Die Beklagte hat beantragt, das Arbeitsverhältnis des Klägers gegen Zahlung einer Abfindung, die in das Ermessen des Gerichtes gestellt werde, aber 12. 000, 00 Euro nicht überschreiten sollte, aufzulösen.
Das Landesarbeitsgericht hat den Antrag abgewiesen. Auf die Revision des beklagten Arbeitgebers ist die Sache zur neuen Verhandlung an das LAG zurückverwiesen worden.
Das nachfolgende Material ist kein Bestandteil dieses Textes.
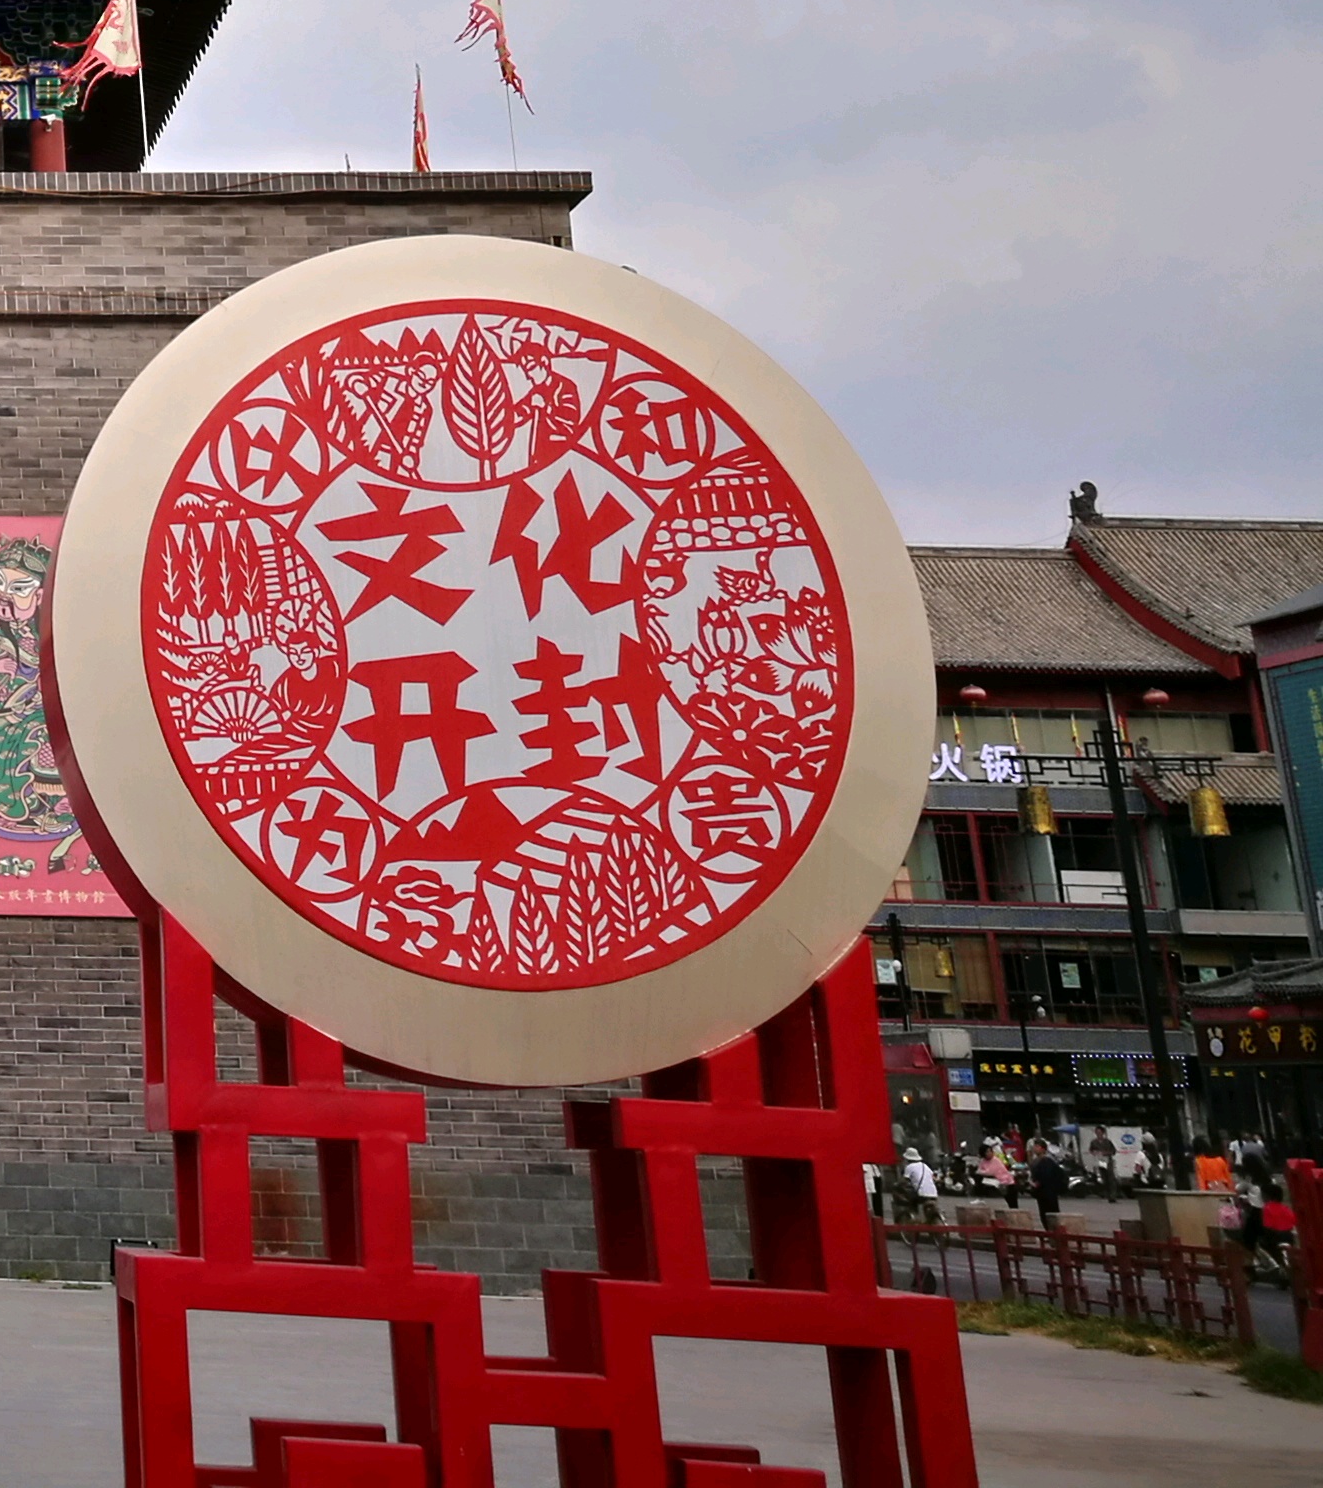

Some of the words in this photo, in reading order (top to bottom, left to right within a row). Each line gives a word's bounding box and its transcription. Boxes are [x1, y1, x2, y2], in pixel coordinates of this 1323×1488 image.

Nach § 9 Abs. 1 Satz 2 KSchG hat das Gericht nach erfolgreicher Kündigungsschutzklage des Arbeitnehmers auf Antrag des Arbeitgebers das Arbeitsverhältnis aufzulösen, wenn Gründe vorliegen, die eine den Betriebszwecken dienliche weitere Zusammenarbeit zwischen Arbeitgeber und Arbeitnehmer nicht erwarten lassen.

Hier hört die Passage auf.